**PROBLEM TO SOLVE:** The full set of entries below needs to be written out exactly.

**DATA FOR THIS EXERCISE:**
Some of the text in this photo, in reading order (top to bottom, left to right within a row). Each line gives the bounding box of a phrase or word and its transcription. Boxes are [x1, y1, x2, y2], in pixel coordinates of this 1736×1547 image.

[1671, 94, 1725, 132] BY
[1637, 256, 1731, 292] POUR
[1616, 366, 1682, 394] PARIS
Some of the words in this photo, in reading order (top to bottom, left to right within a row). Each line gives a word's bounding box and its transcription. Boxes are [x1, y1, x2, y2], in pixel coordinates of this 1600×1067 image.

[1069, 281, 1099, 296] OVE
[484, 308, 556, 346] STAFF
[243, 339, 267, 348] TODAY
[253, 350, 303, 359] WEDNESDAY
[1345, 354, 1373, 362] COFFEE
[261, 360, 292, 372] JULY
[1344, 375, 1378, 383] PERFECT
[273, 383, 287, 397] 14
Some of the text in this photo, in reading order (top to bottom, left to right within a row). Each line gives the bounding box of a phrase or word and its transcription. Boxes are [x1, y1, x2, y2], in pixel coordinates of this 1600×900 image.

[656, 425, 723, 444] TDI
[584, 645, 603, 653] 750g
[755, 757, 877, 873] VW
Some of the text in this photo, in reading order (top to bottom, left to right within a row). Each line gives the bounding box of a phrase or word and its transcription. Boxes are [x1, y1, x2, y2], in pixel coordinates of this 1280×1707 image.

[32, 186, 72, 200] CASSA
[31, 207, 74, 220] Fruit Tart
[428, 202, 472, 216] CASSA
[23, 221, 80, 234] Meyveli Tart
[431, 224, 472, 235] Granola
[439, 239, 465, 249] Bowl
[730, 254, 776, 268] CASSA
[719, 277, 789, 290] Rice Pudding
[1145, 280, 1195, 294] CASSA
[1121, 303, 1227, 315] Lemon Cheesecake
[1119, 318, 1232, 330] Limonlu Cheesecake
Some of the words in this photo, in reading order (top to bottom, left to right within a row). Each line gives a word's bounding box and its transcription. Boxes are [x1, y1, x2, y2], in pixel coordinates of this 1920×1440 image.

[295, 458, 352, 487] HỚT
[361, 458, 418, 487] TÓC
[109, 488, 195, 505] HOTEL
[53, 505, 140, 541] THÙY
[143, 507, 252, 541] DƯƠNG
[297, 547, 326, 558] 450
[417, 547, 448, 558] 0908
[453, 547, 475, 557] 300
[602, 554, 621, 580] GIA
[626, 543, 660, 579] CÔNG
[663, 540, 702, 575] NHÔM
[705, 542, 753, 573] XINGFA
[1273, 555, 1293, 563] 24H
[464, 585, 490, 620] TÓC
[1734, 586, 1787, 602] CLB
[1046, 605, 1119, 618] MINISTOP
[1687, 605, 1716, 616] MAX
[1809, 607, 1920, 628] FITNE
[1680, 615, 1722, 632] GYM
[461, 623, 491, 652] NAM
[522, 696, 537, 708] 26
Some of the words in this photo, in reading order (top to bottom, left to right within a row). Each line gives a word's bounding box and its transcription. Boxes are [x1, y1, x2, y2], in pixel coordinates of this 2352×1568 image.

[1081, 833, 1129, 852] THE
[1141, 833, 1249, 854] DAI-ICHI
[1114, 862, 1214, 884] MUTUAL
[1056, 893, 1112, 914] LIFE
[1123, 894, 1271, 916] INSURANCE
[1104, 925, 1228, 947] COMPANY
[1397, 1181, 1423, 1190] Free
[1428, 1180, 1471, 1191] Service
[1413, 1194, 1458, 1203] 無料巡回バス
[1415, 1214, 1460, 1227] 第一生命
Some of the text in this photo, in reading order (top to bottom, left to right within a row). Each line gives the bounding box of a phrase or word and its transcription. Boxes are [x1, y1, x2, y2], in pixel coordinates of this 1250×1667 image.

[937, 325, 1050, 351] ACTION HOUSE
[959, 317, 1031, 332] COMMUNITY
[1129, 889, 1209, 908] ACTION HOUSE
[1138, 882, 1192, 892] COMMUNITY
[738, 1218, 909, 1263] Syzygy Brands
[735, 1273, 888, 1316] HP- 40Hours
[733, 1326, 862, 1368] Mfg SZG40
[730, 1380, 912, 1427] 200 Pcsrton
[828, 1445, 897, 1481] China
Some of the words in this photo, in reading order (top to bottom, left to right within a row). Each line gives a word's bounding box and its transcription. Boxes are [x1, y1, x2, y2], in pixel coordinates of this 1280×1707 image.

**EXERCISE SOLUTION:**
Some of the text in this photo, in reading order (top to bottom, left to right within a row). Each line gives the bounding box of a phrase or word and its transcription. Boxes are [x1, y1, x2, y2], in pixel coordinates of this 1736×1547 image.

[1671, 94, 1725, 132] BY
[1637, 256, 1731, 292] POUR
[1616, 366, 1682, 394] PARIS
Some of the words in this photo, in reading order (top to bottom, left to right within a row). Each line gives a word's bounding box and its transcription. Boxes are [x1, y1, x2, y2], in pixel coordinates of this 1600×1067 image.

[1069, 281, 1099, 296] OVE
[484, 308, 556, 346] STAFF
[243, 339, 267, 348] TODAY
[253, 350, 303, 359] WEDNESDAY
[1345, 354, 1373, 362] COFFEE
[261, 360, 292, 372] JULY
[1344, 375, 1378, 383] PERFECT
[273, 383, 287, 397] 14
Some of the text in this photo, in reading order (top to bottom, left to right within a row). Each line gives the bounding box of a phrase or word and its transcription. Boxes are [x1, y1, x2, y2], in pixel coordinates of this 1600×900 image.

[656, 425, 723, 444] TDI
[584, 645, 603, 653] 750g
[755, 757, 877, 873] VW
Some of the text in this photo, in reading order (top to bottom, left to right within a row). Each line gives the bounding box of a phrase or word and its transcription. Boxes are [x1, y1, x2, y2], in pixel coordinates of this 1280×1707 image.

[32, 186, 72, 200] CASSA
[31, 207, 74, 220] Fruit Tart
[428, 202, 472, 216] CASSA
[23, 221, 80, 234] Meyveli Tart
[431, 224, 472, 235] Granola
[439, 239, 465, 249] Bowl
[730, 254, 776, 268] CASSA
[719, 277, 789, 290] Rice Pudding
[1145, 280, 1195, 294] CASSA
[1121, 303, 1227, 315] Lemon Cheesecake
[1119, 318, 1232, 330] Limonlu Cheesecake
Some of the words in this photo, in reading order (top to bottom, left to right within a row). Each line gives a word's bounding box and its transcription. Boxes are [x1, y1, x2, y2], in pixel coordinates of this 1920×1440 image.

[295, 458, 352, 487] HỚT
[361, 458, 418, 487] TÓC
[109, 488, 195, 505] HOTEL
[53, 505, 140, 541] THÙY
[143, 507, 252, 541] DƯƠNG
[297, 547, 326, 558] 450
[417, 547, 448, 558] 0908
[453, 547, 475, 557] 300
[602, 554, 621, 580] GIA
[626, 543, 660, 579] CÔNG
[663, 540, 702, 575] NHÔM
[705, 542, 753, 573] XINGFA
[1273, 555, 1293, 563] 24H
[464, 585, 490, 620] TÓC
[1734, 586, 1787, 602] CLB
[1046, 605, 1119, 618] MINISTOP
[1687, 605, 1716, 616] MAX
[1809, 607, 1920, 628] FITNE
[1680, 615, 1722, 632] GYM
[461, 623, 491, 652] NAM
[522, 696, 537, 708] 26
Some of the words in this photo, in reading order (top to bottom, left to right within a row). Each line gives a word's bounding box and its transcription. Boxes are [x1, y1, x2, y2], in pixel coordinates of this 2352×1568 image.

[1081, 833, 1129, 852] THE
[1141, 833, 1249, 854] DAI-ICHI
[1114, 862, 1214, 884] MUTUAL
[1056, 893, 1112, 914] LIFE
[1123, 894, 1271, 916] INSURANCE
[1104, 925, 1228, 947] COMPANY
[1397, 1181, 1423, 1190] Free
[1428, 1180, 1471, 1191] Service
[1413, 1194, 1458, 1203] 無料巡回バス
[1415, 1214, 1460, 1227] 第一生命
Some of the text in this photo, in reading order (top to bottom, left to right within a row). Each line gives the bounding box of a phrase or word and its transcription. Boxes are [x1, y1, x2, y2], in pixel coordinates of this 1250×1667 image.

[937, 325, 1050, 351] ACTION HOUSE
[959, 317, 1031, 332] COMMUNITY
[1129, 889, 1209, 908] ACTION HOUSE
[1138, 882, 1192, 892] COMMUNITY
[738, 1218, 909, 1263] Syzygy Brands
[735, 1273, 888, 1316] HP- 40Hours
[733, 1326, 862, 1368] Mfg SZG40
[730, 1380, 912, 1427] 200 Pcsrton
[828, 1445, 897, 1481] China
Some of the words in this photo, in reading order (top to bottom, left to right within a row). Each line gives a word's bounding box and its transcription. Boxes are [x1, y1, x2, y2], in pixel coordinates of this 1280×1707 image.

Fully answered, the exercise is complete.